*** Block opens ***
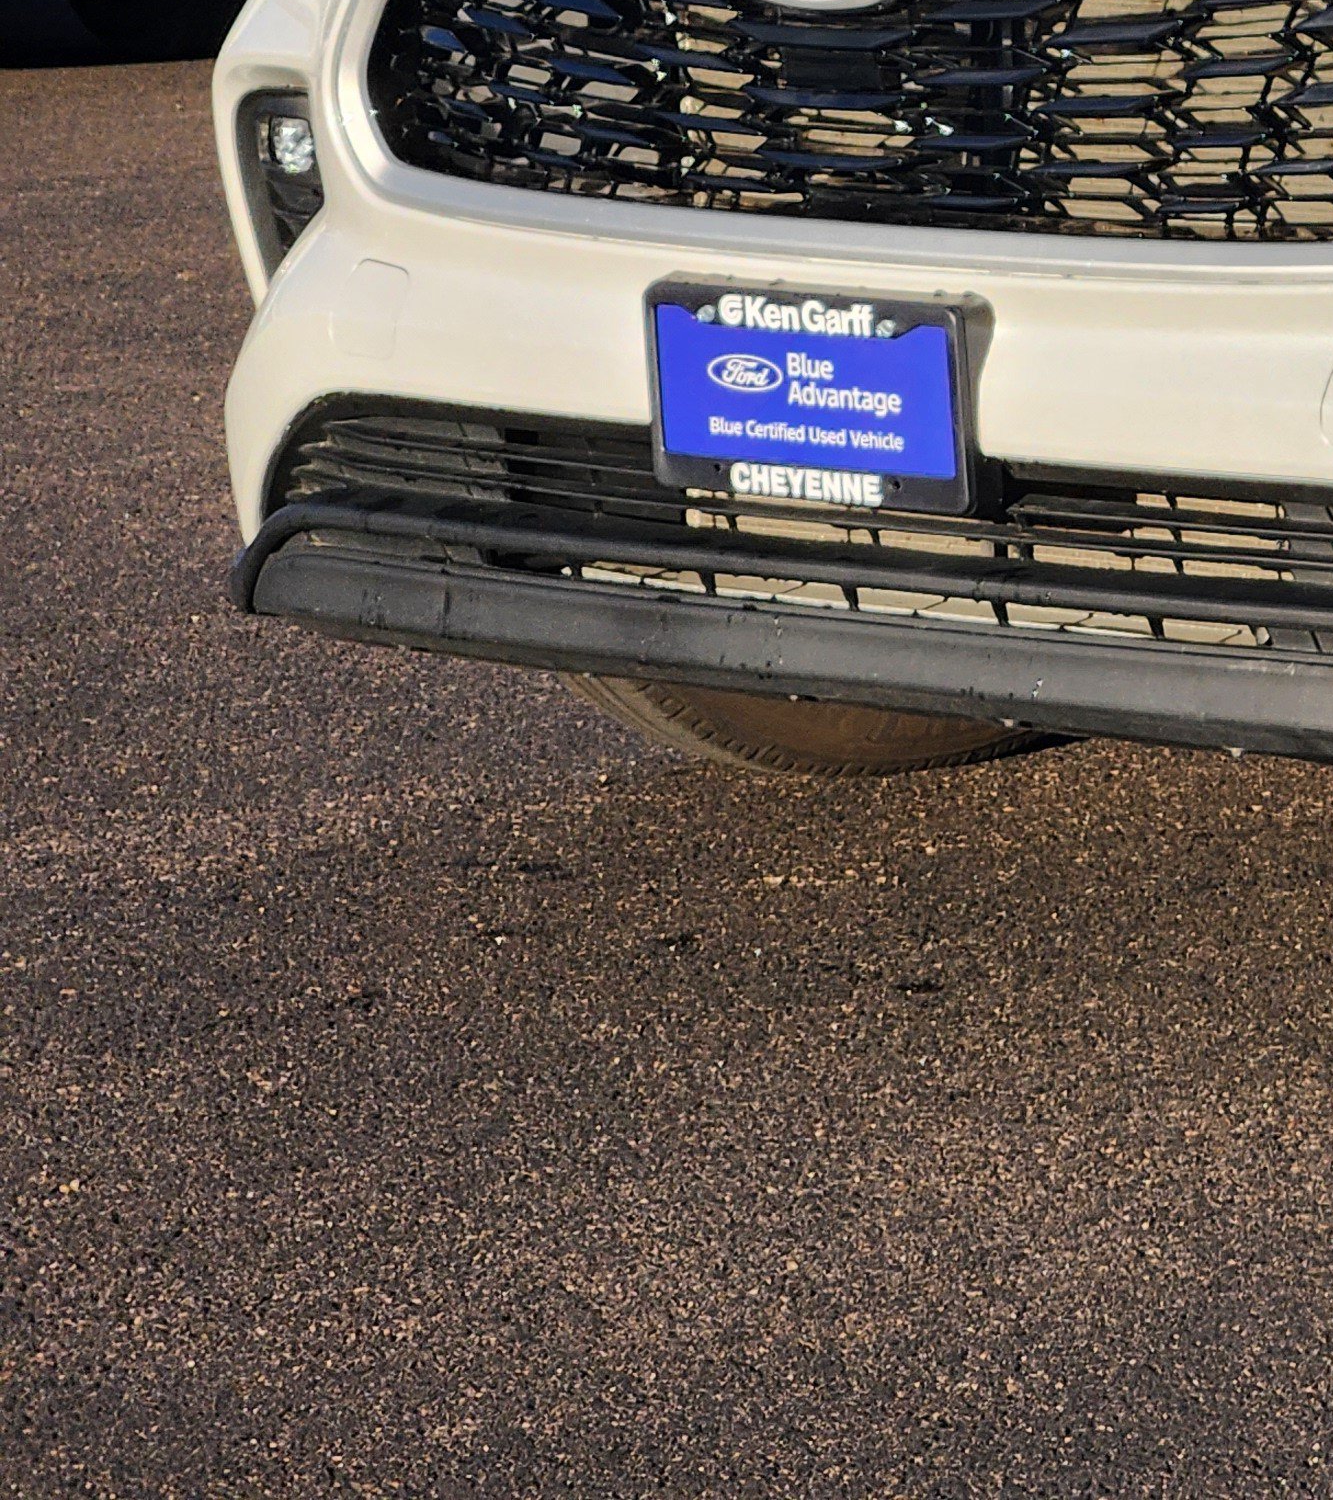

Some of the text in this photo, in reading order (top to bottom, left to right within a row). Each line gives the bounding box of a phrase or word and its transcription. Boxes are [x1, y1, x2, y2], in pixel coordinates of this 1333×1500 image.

[746, 296, 875, 337] Ken Garff
[721, 359, 770, 387] Ford
[785, 352, 835, 380] Blue
[787, 381, 902, 417] Advantage
[708, 416, 905, 451] Blue Certified Used Vehicle
[730, 462, 884, 506] CHEYENNE
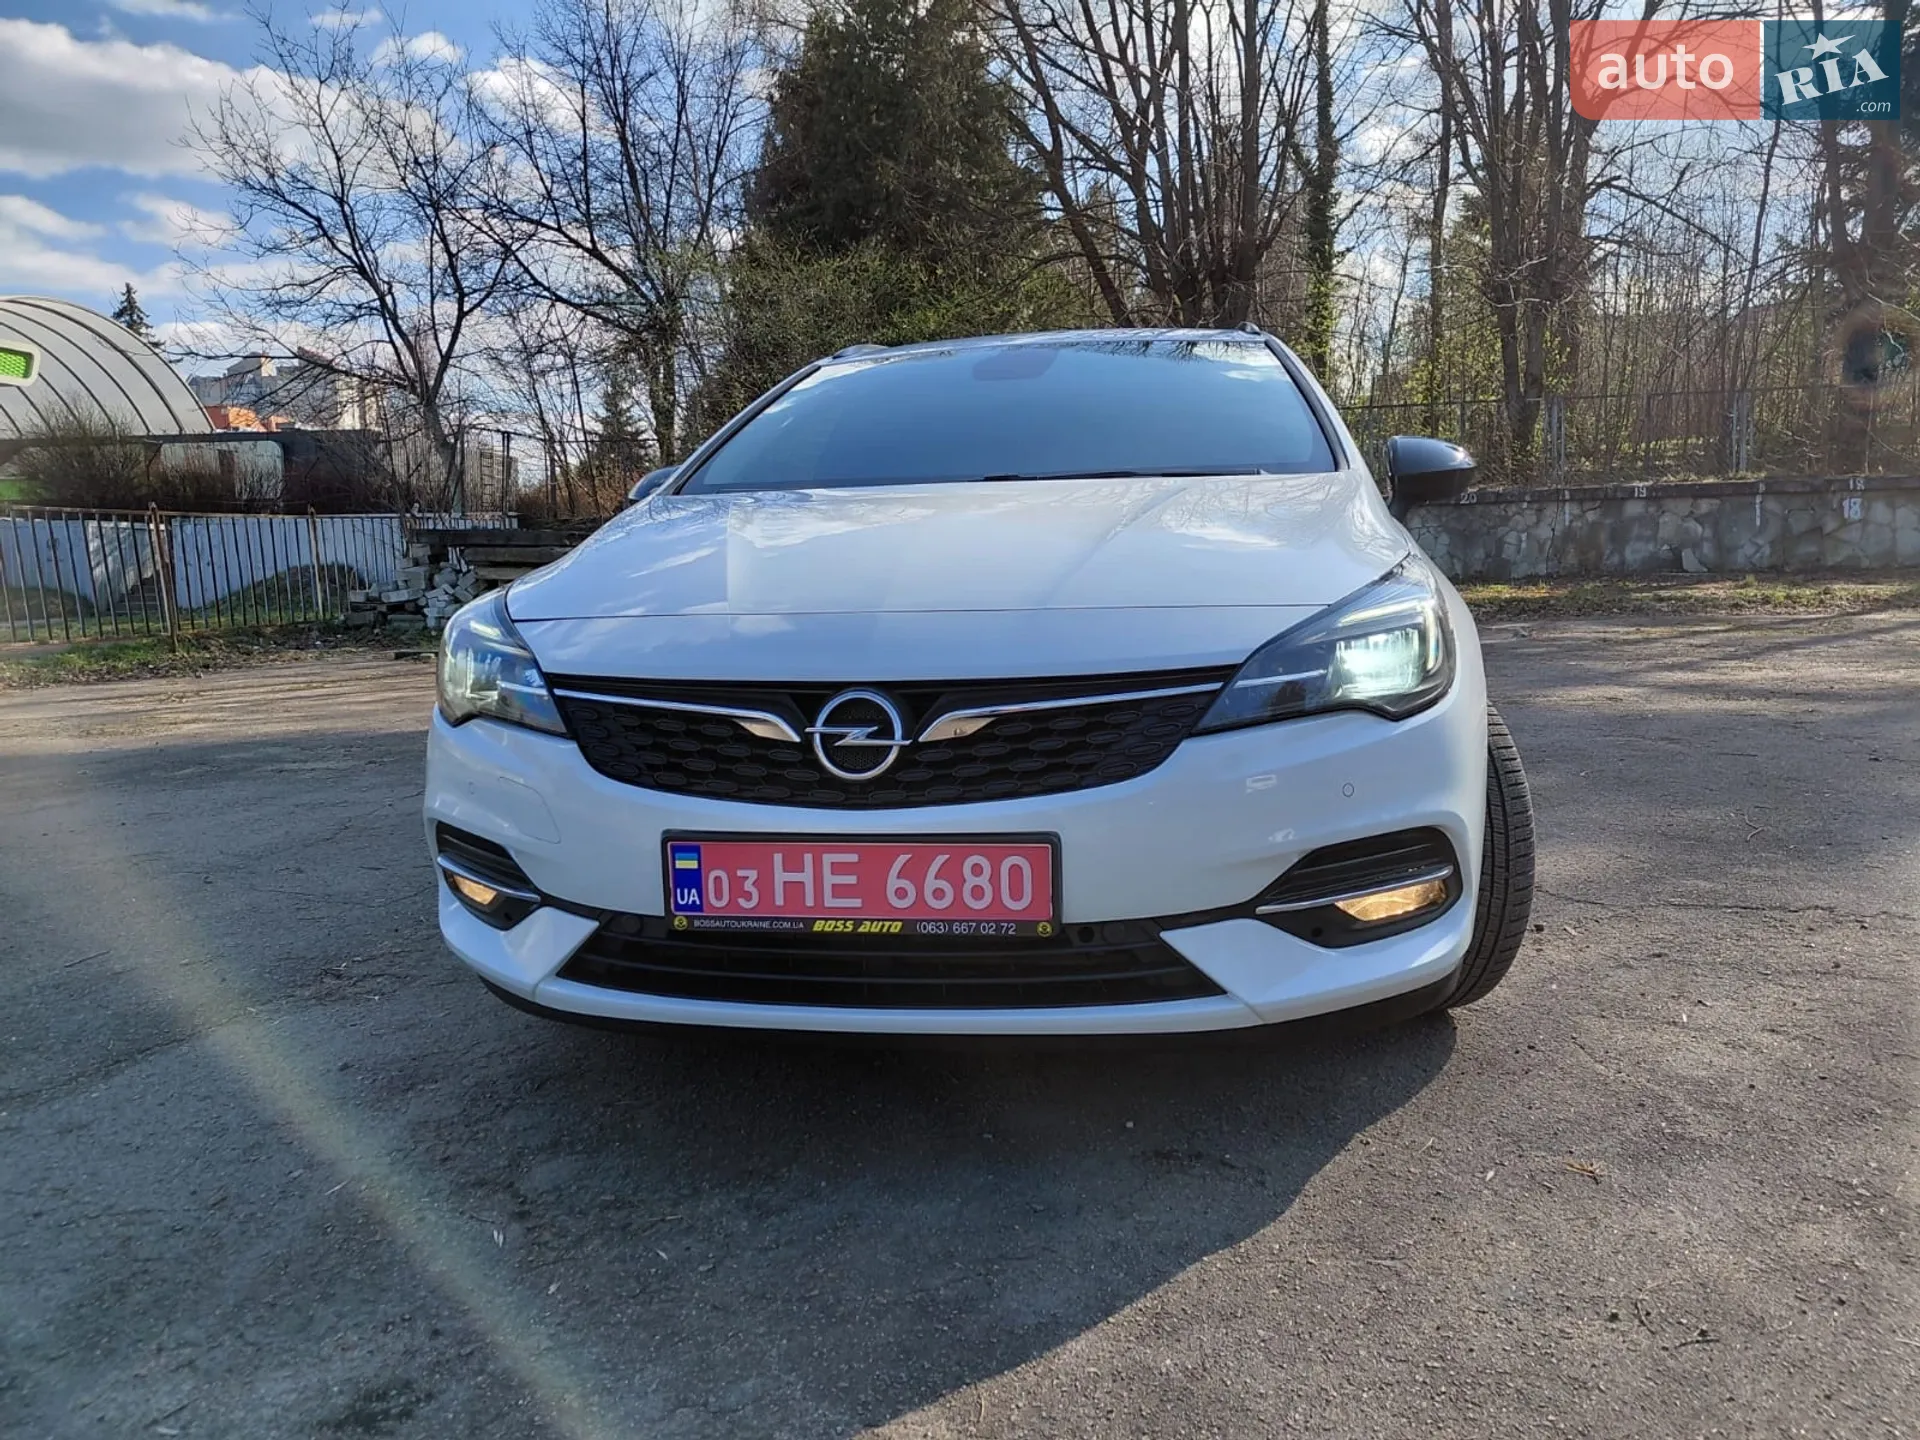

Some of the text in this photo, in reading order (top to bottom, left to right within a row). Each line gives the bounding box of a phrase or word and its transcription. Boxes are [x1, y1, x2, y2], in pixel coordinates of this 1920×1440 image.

[708, 853, 1033, 911] 03 HE 6680
[676, 887, 700, 905] UA
[693, 917, 1016, 935] BOSSAUTOUKRAINE.COM.UA BOSS AUTO (063) 667 02 72
*** Block closes ***
Print the material again, unchanged, without its pictures.

Some of the text in this photo, in reading order (top to bottom, left to right within a row). Each line gives the bounding box of a phrase or word and its transcription. Boxes are [x1, y1, x2, y2], in pixel coordinates of this 1333×1500 image.

[746, 296, 875, 337] Ken Garff
[721, 359, 770, 387] Ford
[785, 352, 835, 380] Blue
[787, 381, 902, 417] Advantage
[708, 416, 905, 451] Blue Certified Used Vehicle
[730, 462, 884, 506] CHEYENNE

Some of the text in this photo, in reading order (top to bottom, left to right within a row). Each line gives the bounding box of a phrase or word and its transcription. Boxes are [x1, y1, x2, y2], in pixel coordinates of this 1920×1440 image.

[708, 853, 1033, 911] 03 HE 6680
[676, 887, 700, 905] UA
[693, 917, 1016, 935] BOSSAUTOUKRAINE.COM.UA BOSS AUTO (063) 667 02 72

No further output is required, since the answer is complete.